Her new baby had been torn from her arms in a hospital bed by six policemen and
three social workers just three hours after the birth. Three months earlier,
the social workers had removed five older children from the family home in the
belief that the mother was a “sex worker” engaged in child trafficking with her
husband, whom they claimed was not the father of any of the children. The
social workers also had a letter, allegedly written by one of the children,
claiming that her mother had beaten her.
What made all
this particularly odd was that, one by one, these claims seemed to crumble. DNA
tests showed that the children all came from the husband. The letter was in a
different hand from that of the child supposed to have written it, but no
graphological tests were allowed and it was eventually admitted that the letter
had been “destroyed”.
For a time, the
parents were allowed occasional supervised contact with their children,
although for this they had to travel for four hours. The oldest child claimed
at one meeting that she had been sexually interfered with in her foster home –
after which she was never allowed to see her parents again.
But the case
against them began to seem so flimsy that the baby was returned to them.
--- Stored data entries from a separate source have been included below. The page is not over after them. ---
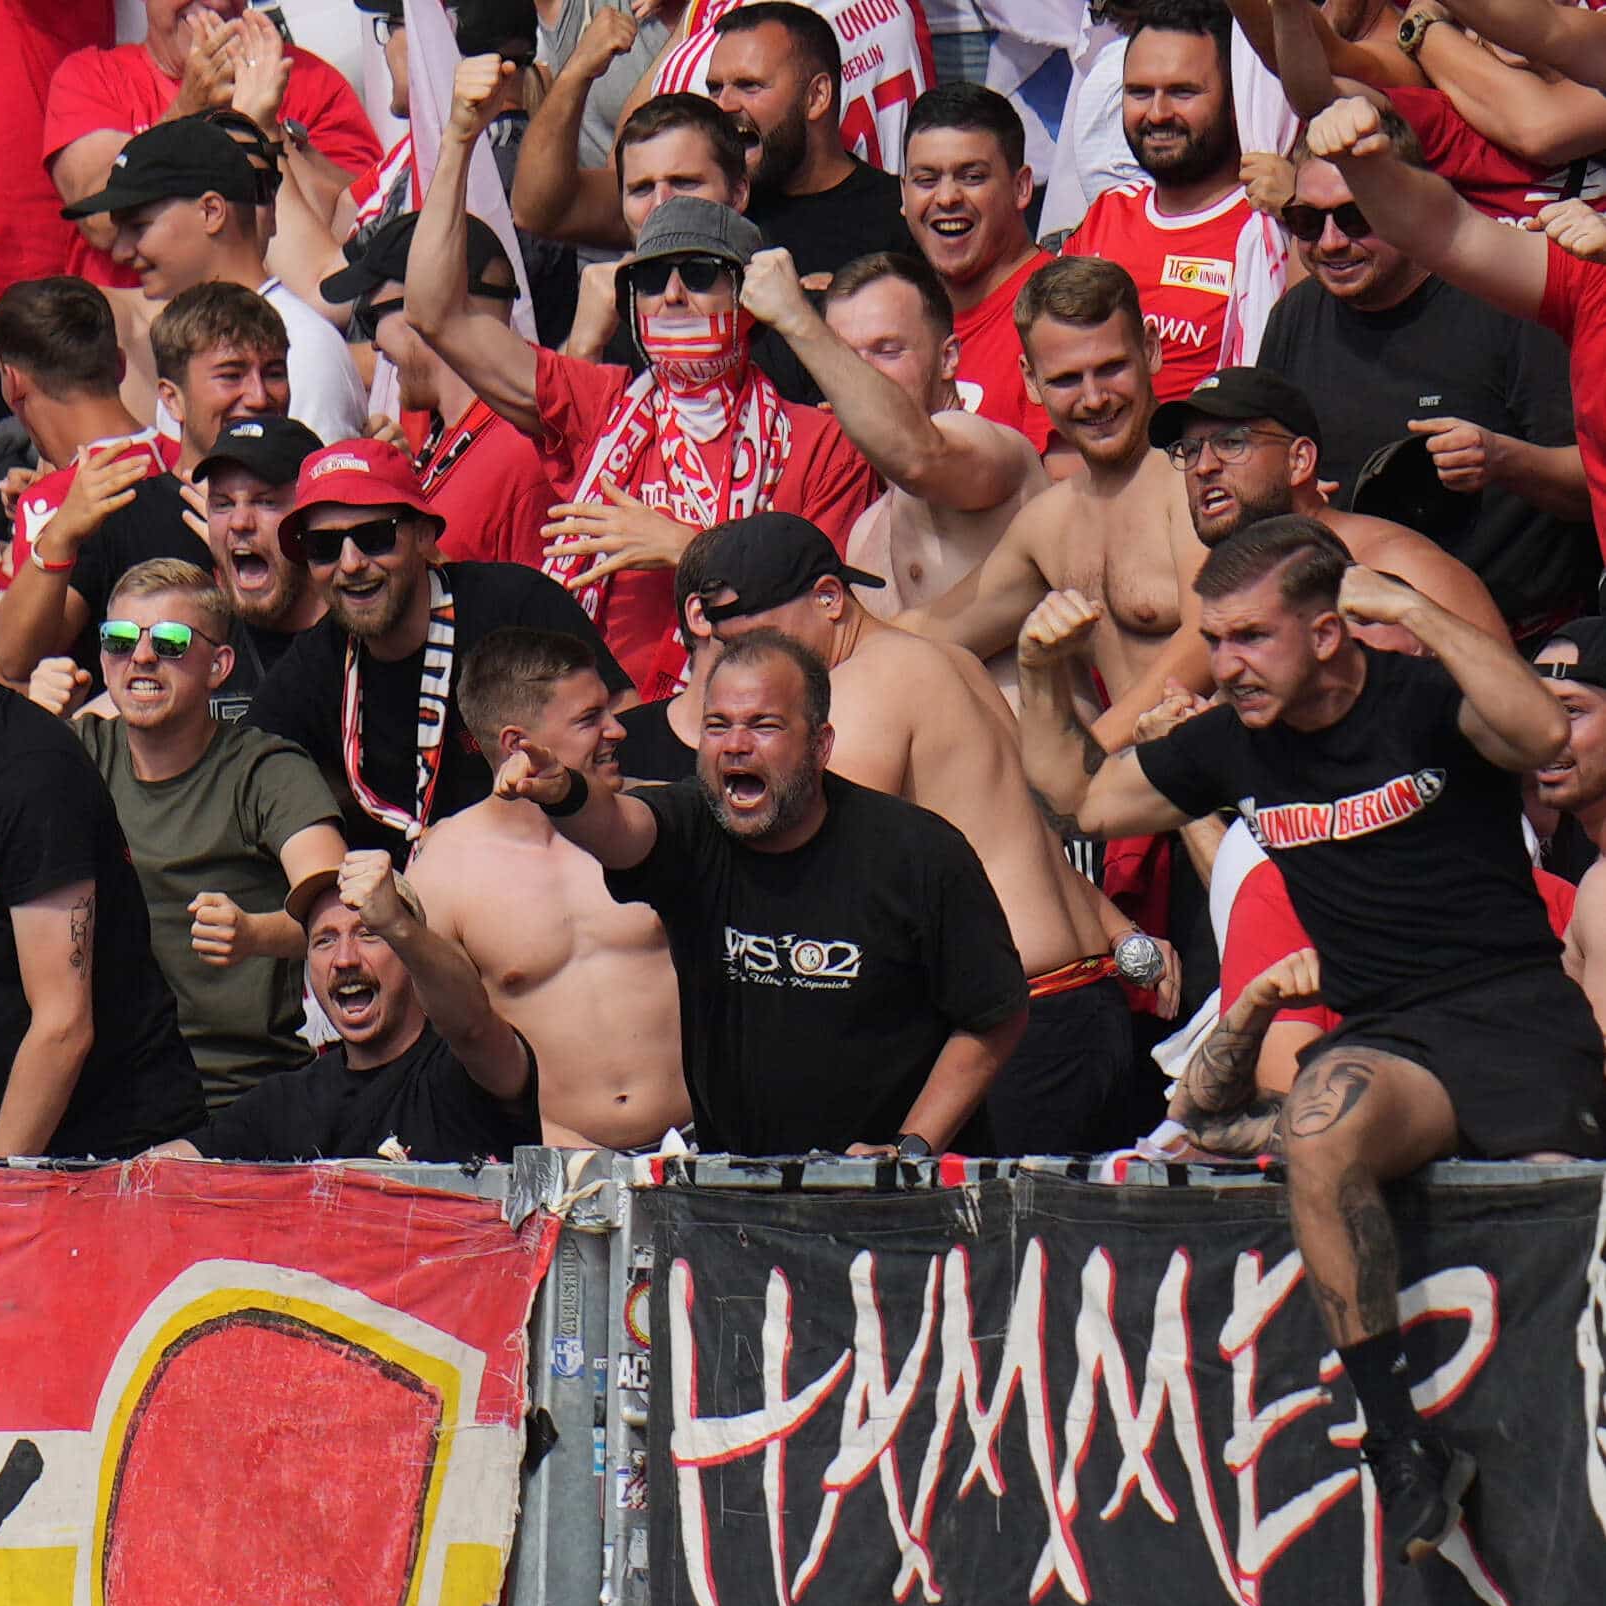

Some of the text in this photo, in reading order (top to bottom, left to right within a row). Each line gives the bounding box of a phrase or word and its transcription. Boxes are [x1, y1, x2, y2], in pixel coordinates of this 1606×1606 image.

[840, 44, 884, 82] BERLIN
[1258, 804, 1332, 846] UNION
[1337, 777, 1422, 836] BERLIN
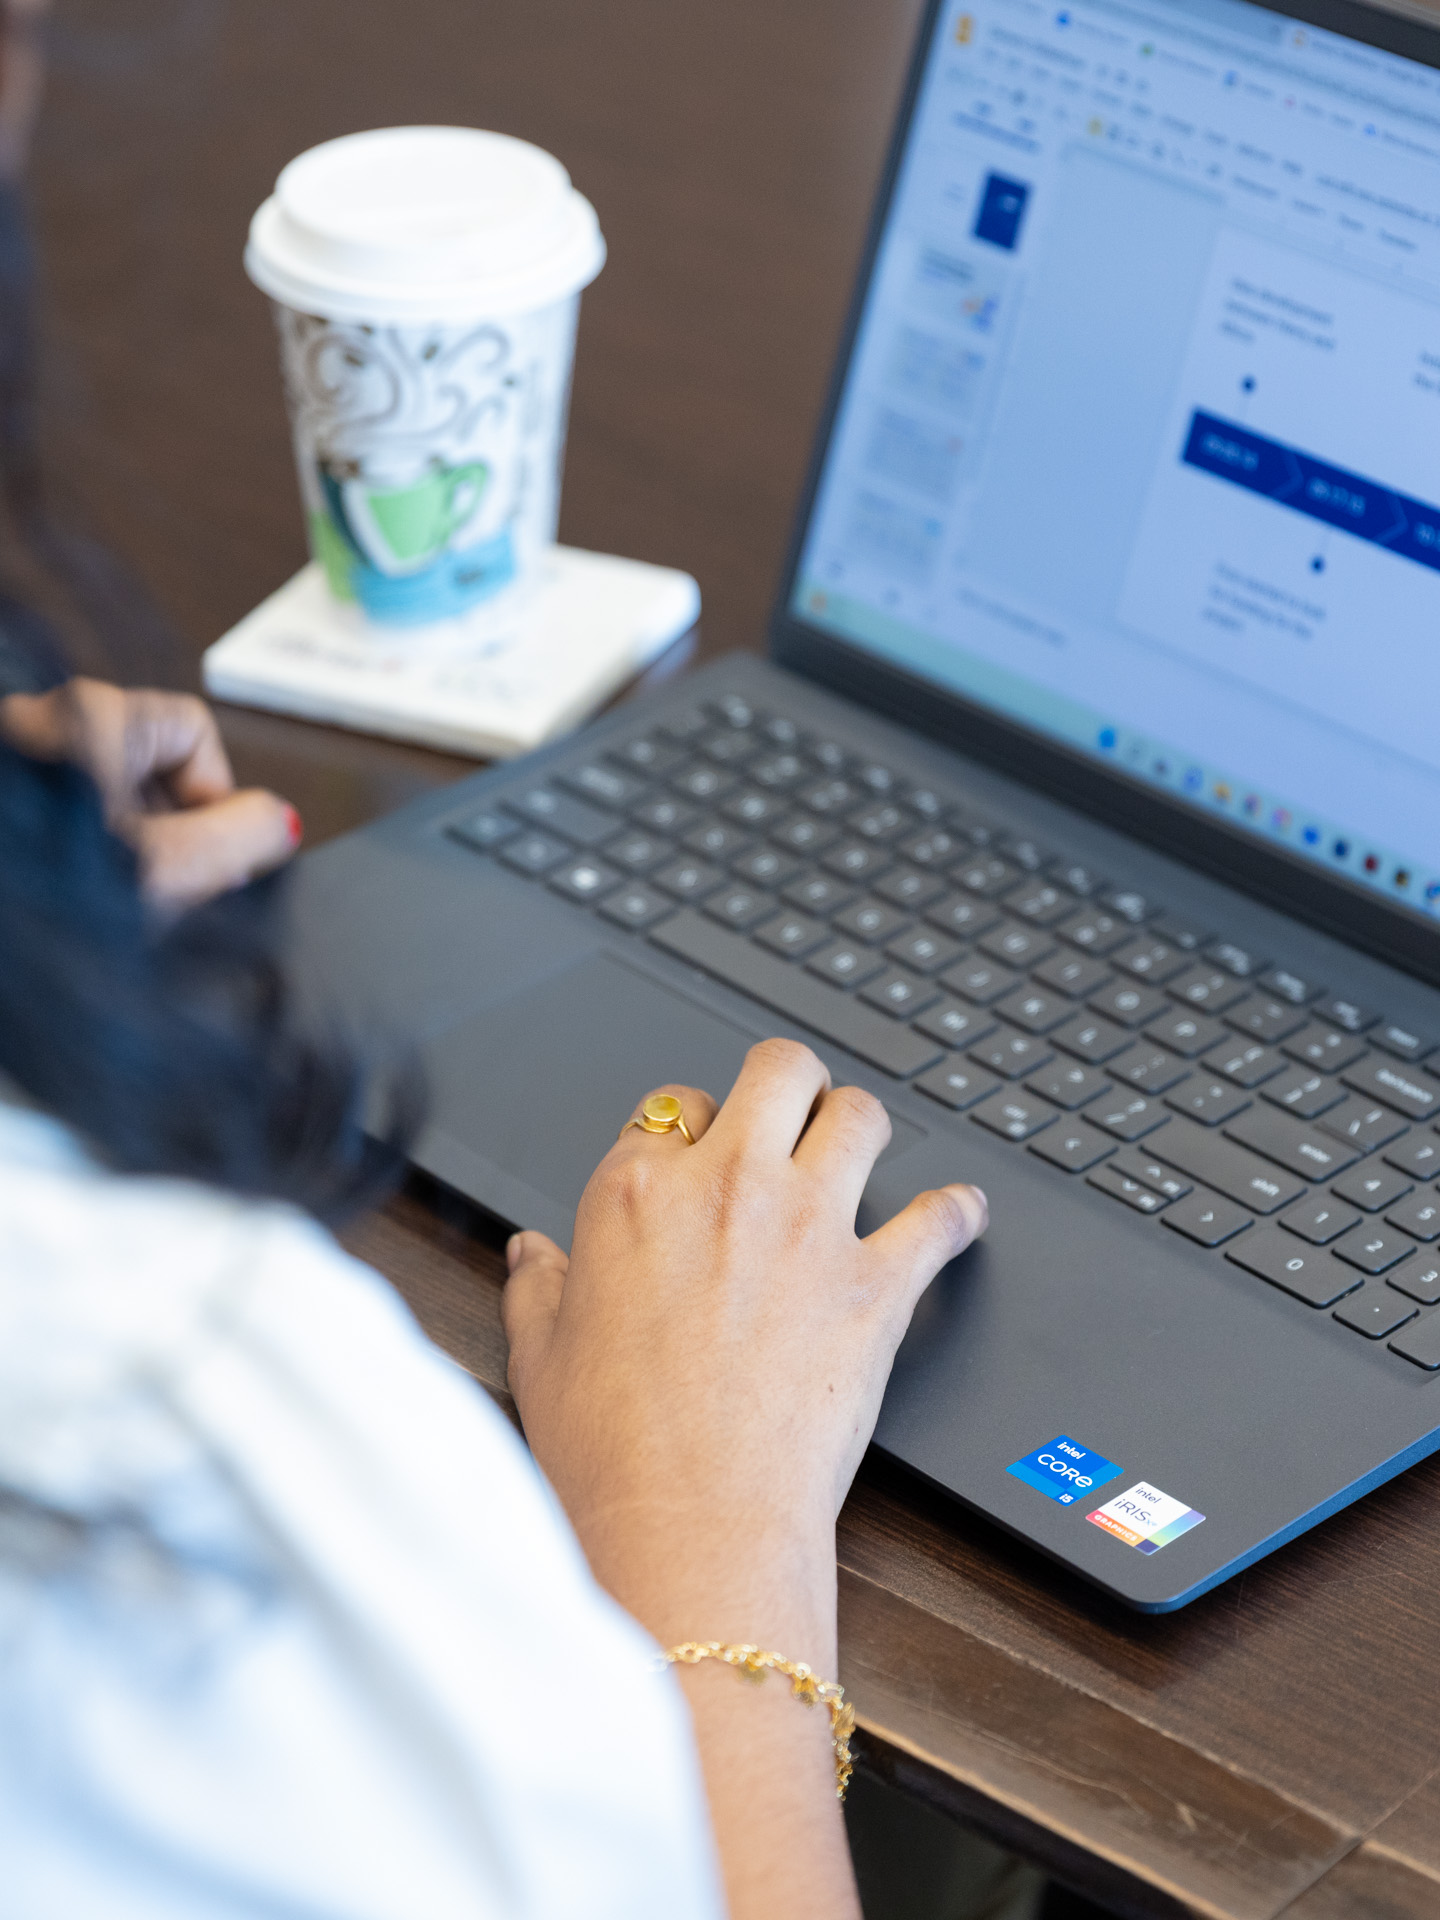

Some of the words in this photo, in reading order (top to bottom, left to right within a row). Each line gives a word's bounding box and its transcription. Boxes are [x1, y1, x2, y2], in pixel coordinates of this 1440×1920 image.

[1364, 1240, 1384, 1252] 2
[1285, 1258, 1304, 1271] 0
[1421, 1271, 1439, 1283] 3
[1057, 1441, 1087, 1460] intel
[1058, 1493, 1075, 1504] i5
[1135, 1487, 1162, 1504] intel
[1093, 1514, 1138, 1542] GRAPHICS
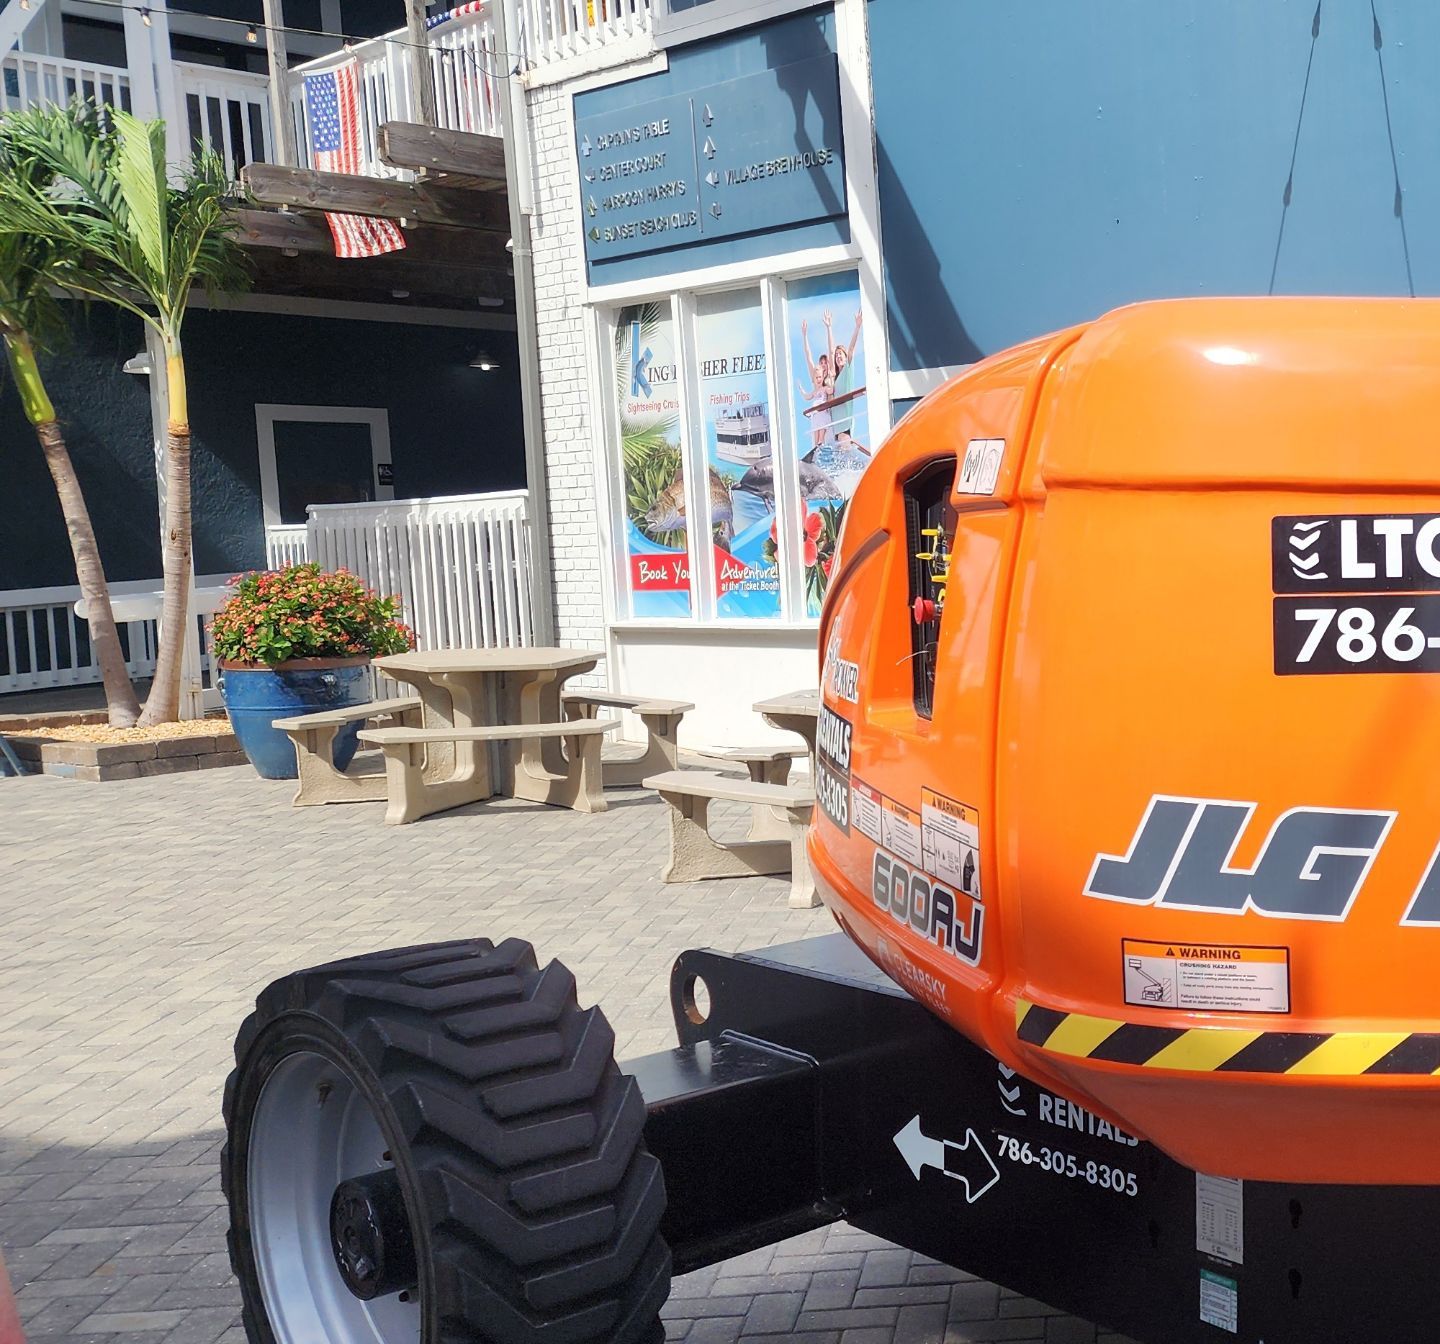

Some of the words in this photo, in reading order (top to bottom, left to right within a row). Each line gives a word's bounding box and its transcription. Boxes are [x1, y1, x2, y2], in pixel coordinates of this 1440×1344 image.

[642, 119, 671, 139] TABLE
[599, 161, 636, 181] CENTER
[635, 152, 667, 174] COURT
[724, 164, 765, 186] VILLAGE
[765, 147, 834, 177] BREWHOUSE
[602, 189, 646, 212] HARPOON
[604, 223, 640, 243] SUNSET
[640, 215, 671, 236] BEACH
[670, 210, 698, 229] CLUB
[627, 401, 662, 414] Sightseeing
[710, 393, 733, 406] Fishing
[735, 392, 750, 405] Trips
[638, 560, 668, 584] Book
[729, 581, 739, 591] the
[739, 580, 760, 592] Ticket
[760, 581, 780, 591] Booth
[937, 797, 967, 822] WARNING
[1082, 793, 1398, 923] JLG
[873, 848, 985, 968] 600AJ
[1179, 947, 1242, 960] WARNING
[998, 1134, 1138, 1197] 786-305-8305
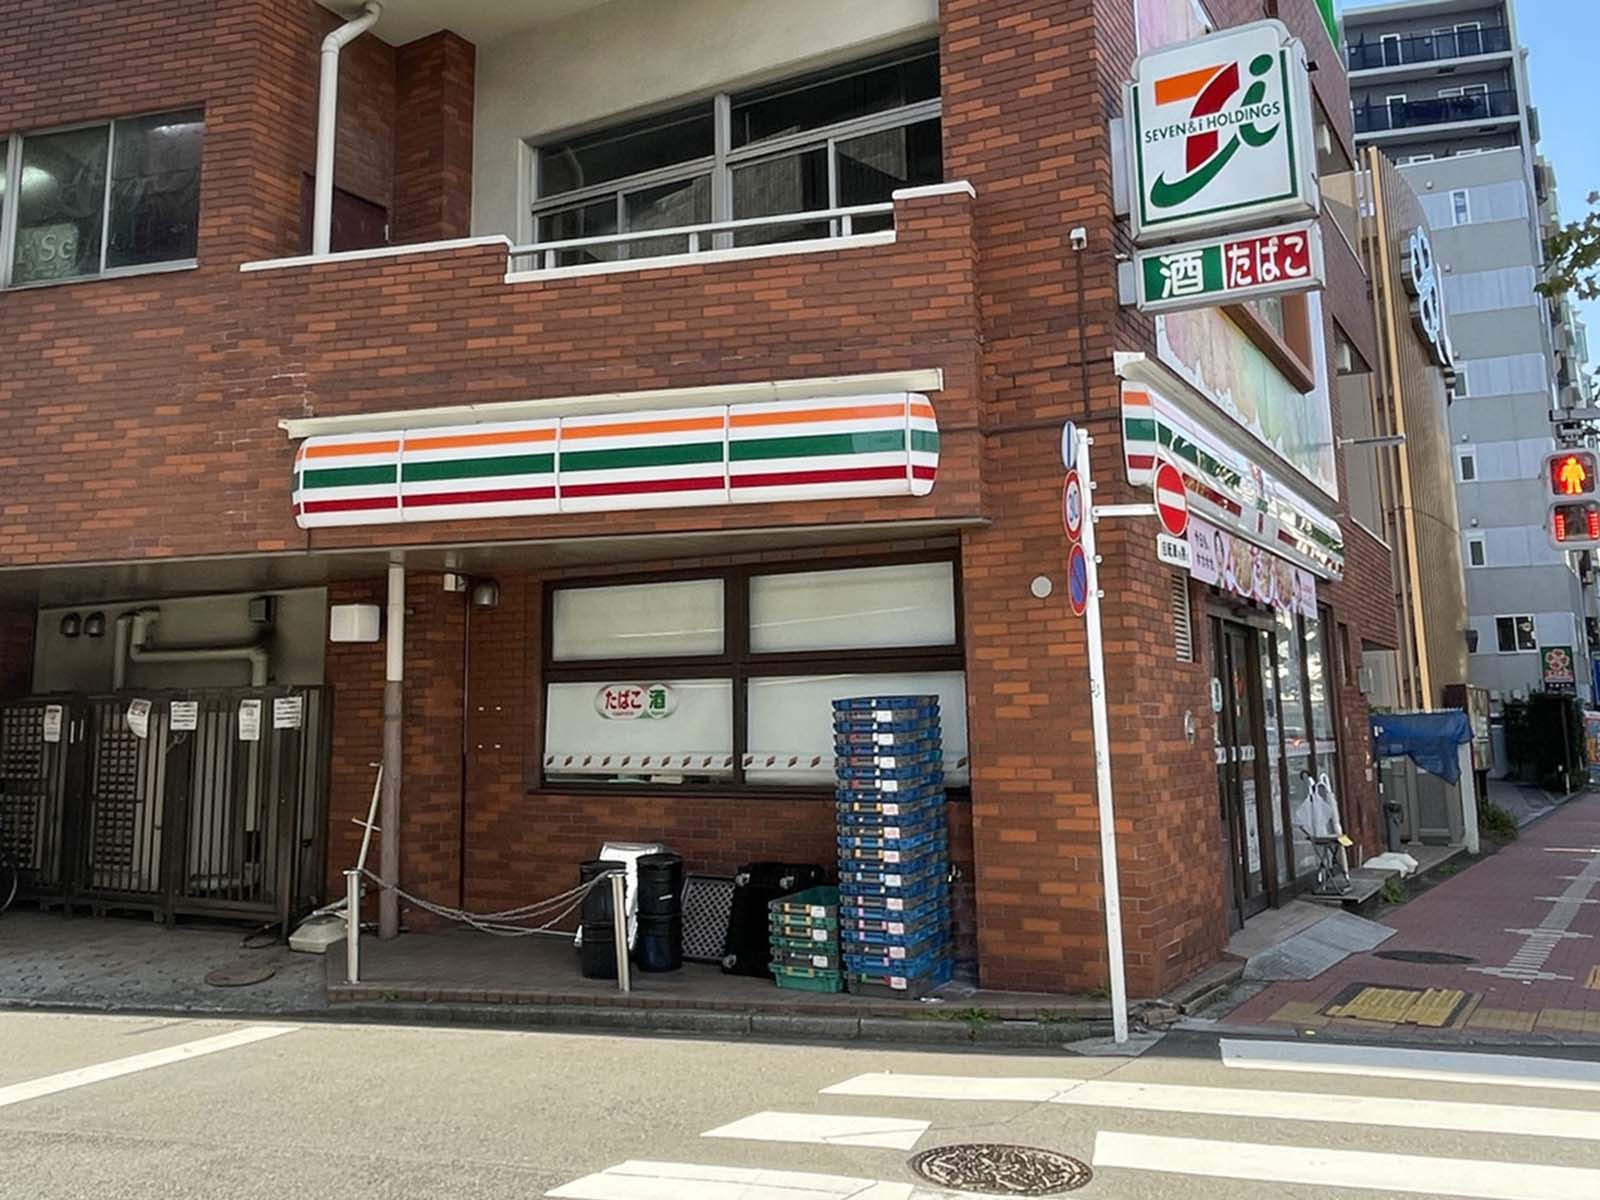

However, they subsequently took the baby to a hospital to ask for advice on a
puzzling complaint. A junior doctor carried out blood tests which apparently
showed nothing amiss, but when the family’s name came up on a computer, the
social workers were summoned. More tests were carried out, the parents were
accused of giving their child a dangerous drug and the baby was again taken
into care.
Events then took
a still more serious turn. The couple were arrested, accused of planning to
abduct their older children (even though they had no idea where they were) and
fly them abroad in a private plane. They were sent to prison on remand, while a
long list of further charges was compiled, ranging from physical abuse of their
children to a claim that they had sought to kill the baby.
At their trial,
44 prosecution witnesses were called. Only two were allowed for the defence.
The children spoke on video link, but their parents were not allowed to
question them. The parents were given long prison sentences and a family court
then ruled that the children must all be sent for adoption.
However odd all
this may seem, I know enough about this family, and a story I have followed
since 2010, to believe that it represents a travesty of justice which says much
about what our child protection system has become.